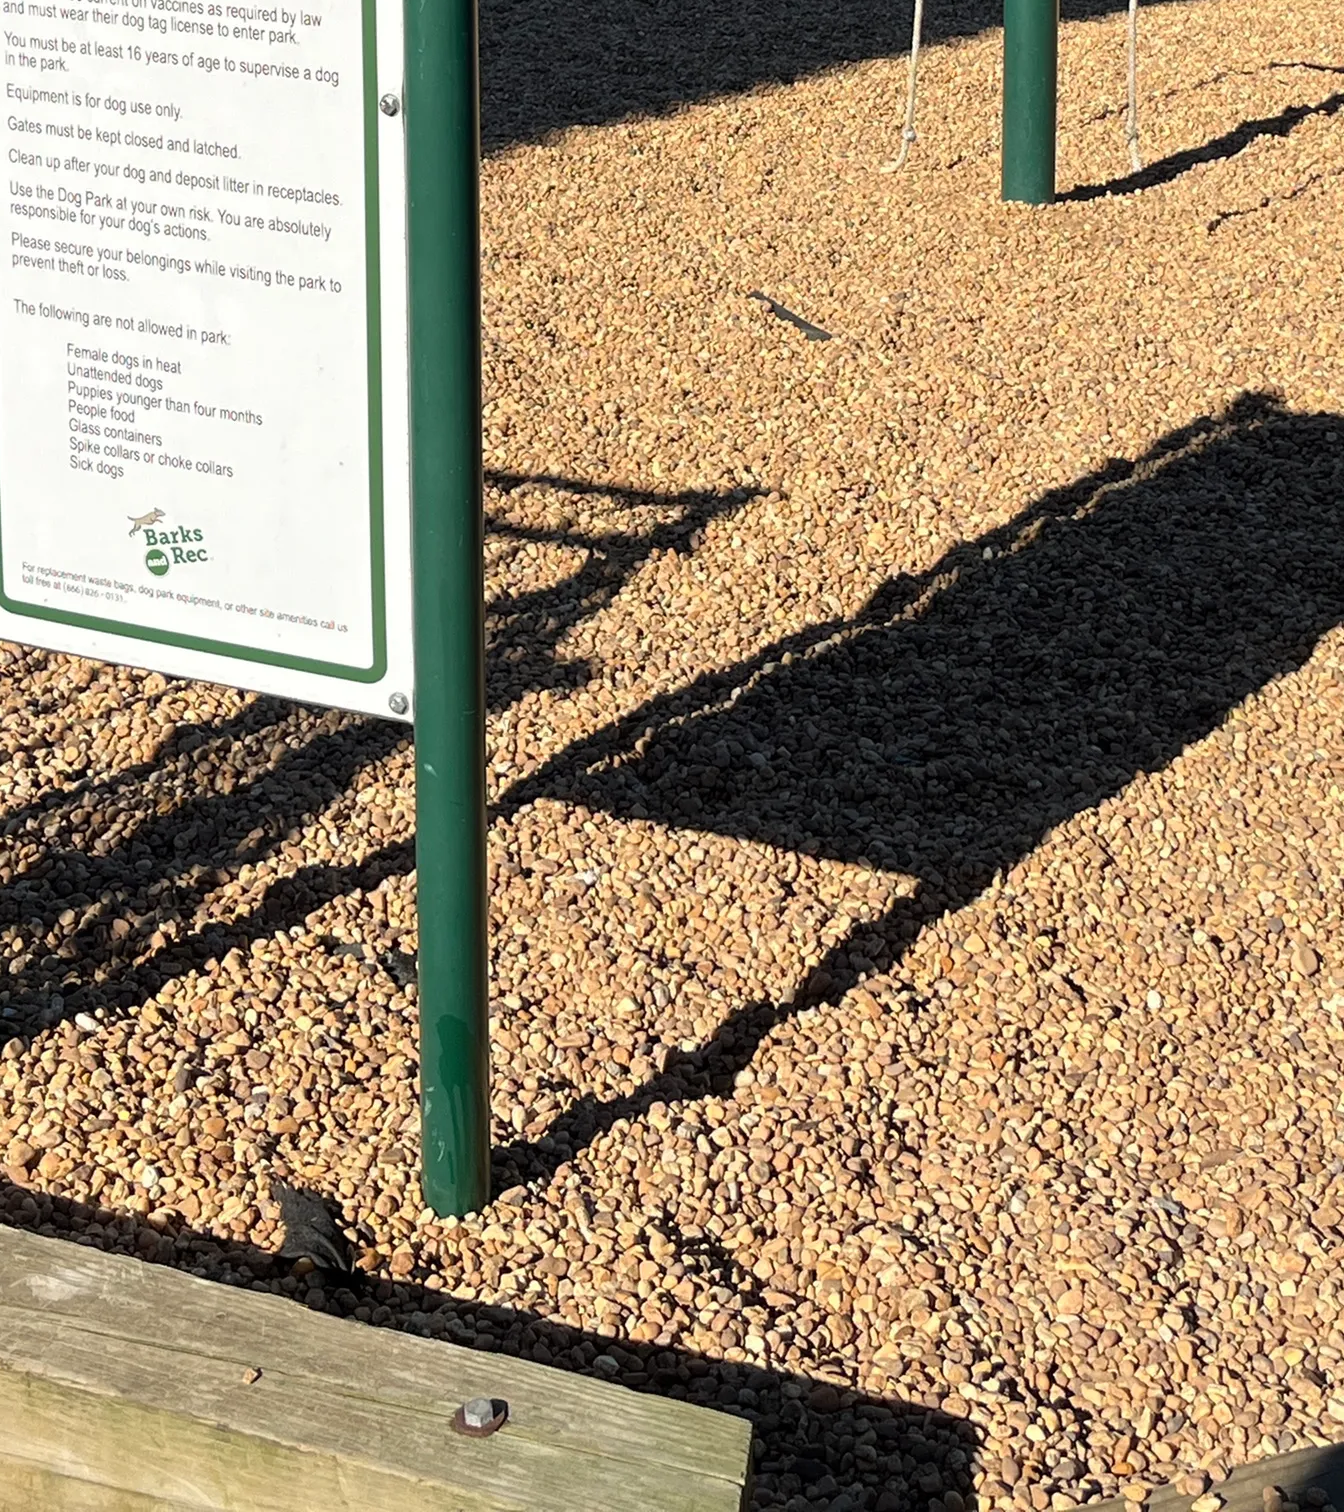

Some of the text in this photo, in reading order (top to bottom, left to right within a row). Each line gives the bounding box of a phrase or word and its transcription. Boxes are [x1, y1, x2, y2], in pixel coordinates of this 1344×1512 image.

[6, 82, 182, 122] Equipment is for dog use only.
[7, 115, 241, 159] Gates must be kept closed and latched.
[8, 147, 343, 206] Clean up after your dog and deposit litter in receptacles.
[9, 179, 331, 242] Use the Dog Park at your own risk. You are absolutely
[12, 297, 35, 315] The
[38, 302, 89, 327] following
[92, 313, 112, 328] are
[115, 316, 134, 331] not
[137, 318, 183, 338] allowed
[186, 324, 197, 340] in
[66, 342, 181, 374] Female dogs in heat
[67, 361, 163, 392] Unattended dogs
[67, 379, 263, 425] Puppies younger than four months
[67, 398, 135, 423] People food
[68, 417, 162, 446] Glass containers
[69, 435, 233, 477] Spike collars or choke collars
[69, 454, 124, 479] Sick dogs
[143, 525, 204, 547] Barks
[147, 546, 209, 569] and Rec
──────────
Problem to solve: Please print the listing above again word for word, without its pictures.

Solution:
Some of the text in this photo, in reading order (top to bottom, left to right within a row). Each line gives the bounding box of a phrase or word and its transcription. Boxes are [x1, y1, x2, y2], in pixel coordinates of this 1344×1512 image.

[6, 82, 182, 122] Equipment is for dog use only.
[7, 115, 241, 159] Gates must be kept closed and latched.
[8, 147, 343, 206] Clean up after your dog and deposit litter in receptacles.
[9, 179, 331, 242] Use the Dog Park at your own risk. You are absolutely
[12, 297, 35, 315] The
[38, 302, 89, 327] following
[92, 313, 112, 328] are
[115, 316, 134, 331] not
[137, 318, 183, 338] allowed
[186, 324, 197, 340] in
[66, 342, 181, 374] Female dogs in heat
[67, 361, 163, 392] Unattended dogs
[67, 379, 263, 425] Puppies younger than four months
[67, 398, 135, 423] People food
[68, 417, 162, 446] Glass containers
[69, 435, 233, 477] Spike collars or choke collars
[69, 454, 124, 479] Sick dogs
[143, 525, 204, 547] Barks
[147, 546, 209, 569] and Rec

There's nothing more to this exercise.